Pictures do not belong in the copy; print every entry exactly as it stands.

Collected data entries
────

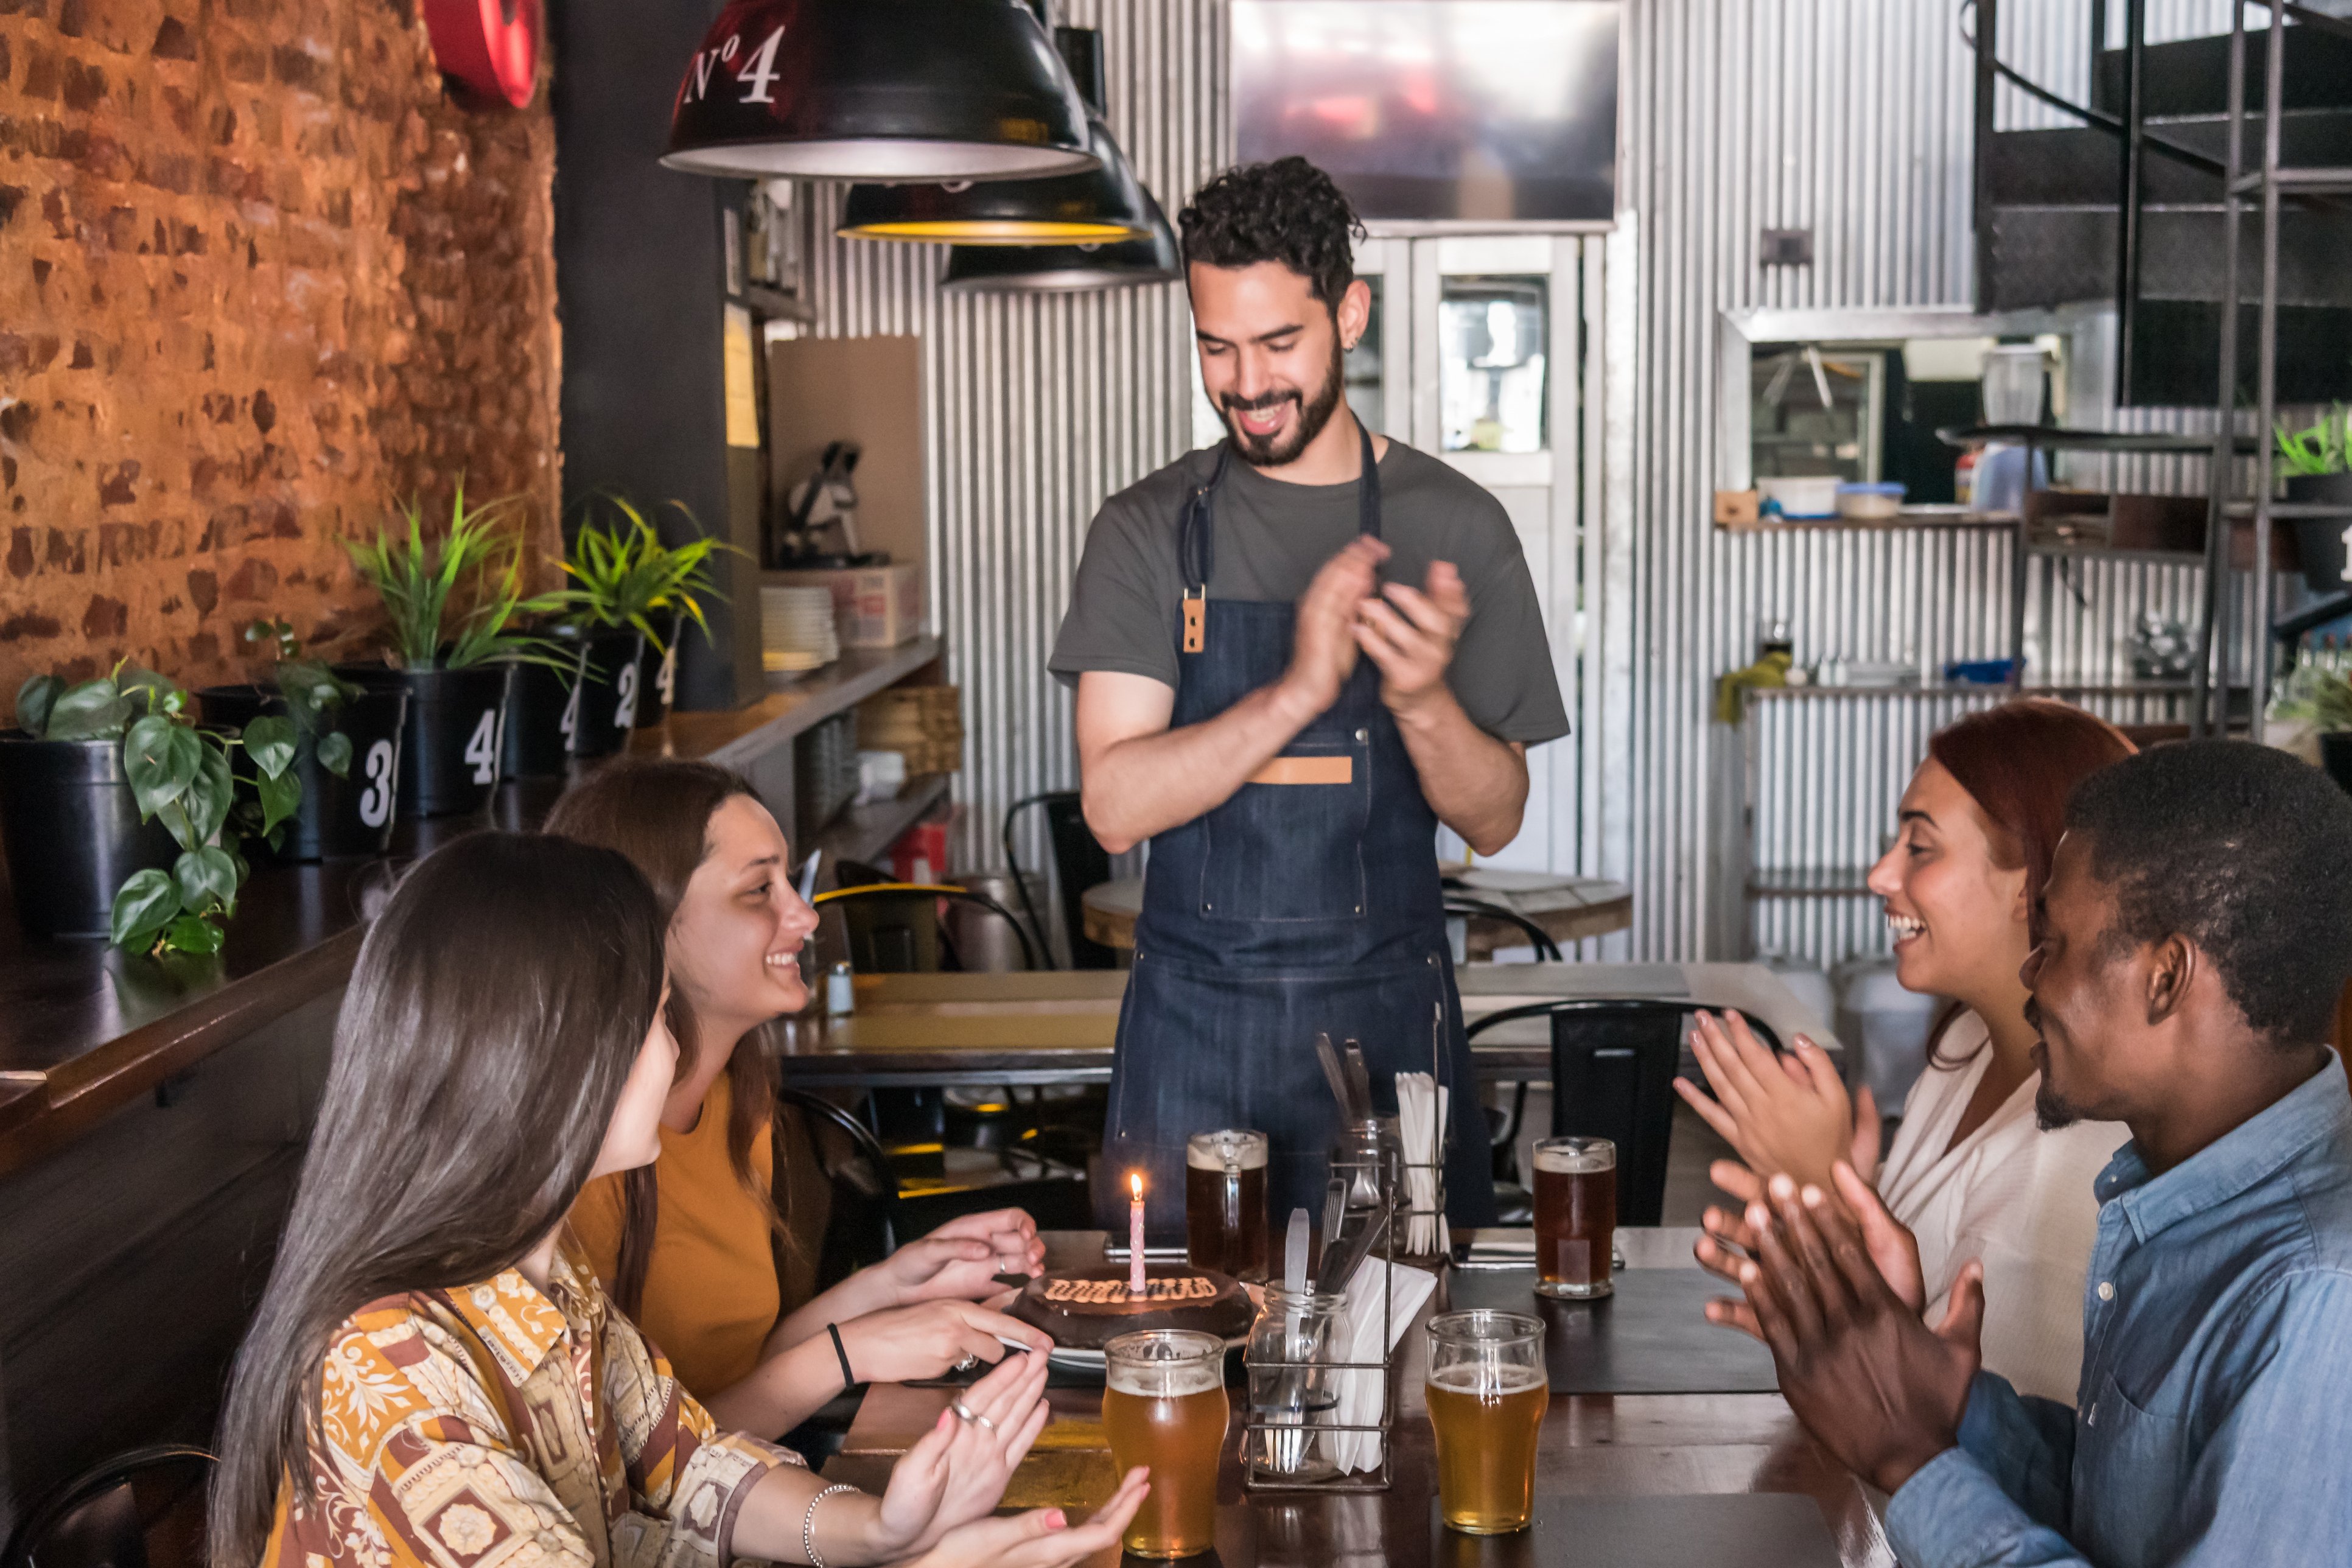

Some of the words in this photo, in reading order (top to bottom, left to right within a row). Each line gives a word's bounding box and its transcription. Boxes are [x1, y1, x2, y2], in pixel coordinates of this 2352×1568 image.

[614, 662, 638, 728] 2
[656, 647, 676, 705] 4
[464, 709, 496, 785] 4
[560, 683, 581, 752] 4
[360, 739, 393, 828] 3
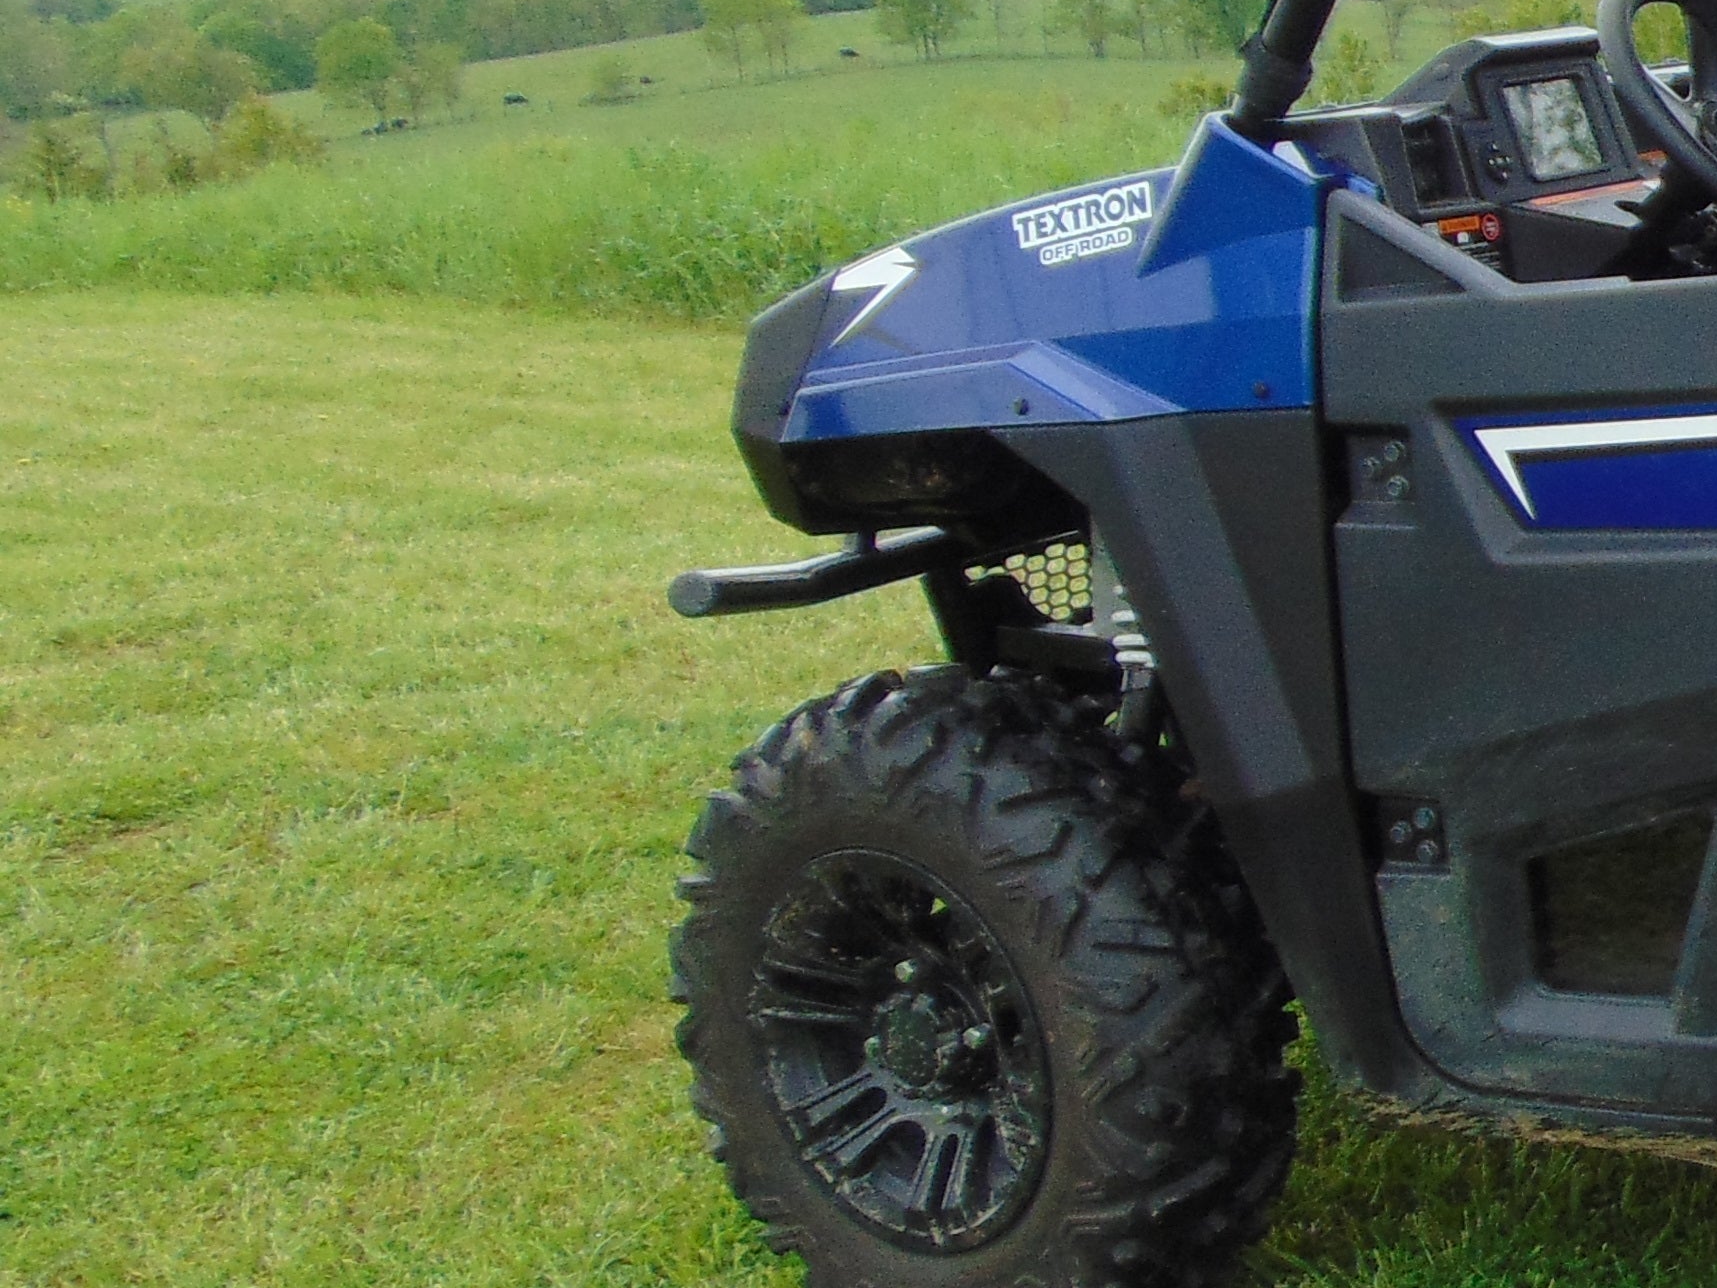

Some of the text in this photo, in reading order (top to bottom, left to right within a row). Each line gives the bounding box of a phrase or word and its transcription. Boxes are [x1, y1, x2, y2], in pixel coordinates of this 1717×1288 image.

[1016, 186, 1148, 244] TEXTRON
[1042, 230, 1130, 262] OFF ROAD

────

■ Answer box:
Some of the words in this photo, in reading order (top to bottom, left to right within a row). Each line gives a word's bounding box and its transcription. Boxes are [x1, y1, x2, y2], in pixel coordinates of this 2352×1568 image.

[614, 662, 638, 728] 2
[656, 647, 676, 705] 4
[464, 709, 496, 785] 4
[560, 683, 581, 752] 4
[360, 739, 393, 828] 3

Some of the text in this photo, in reading order (top to bottom, left to right within a row). Each line gives the bounding box of a phrase or word and its transcription. Boxes are [x1, y1, x2, y2], in pixel coordinates of this 1717×1288 image.

[1016, 186, 1148, 244] TEXTRON
[1042, 230, 1130, 262] OFF ROAD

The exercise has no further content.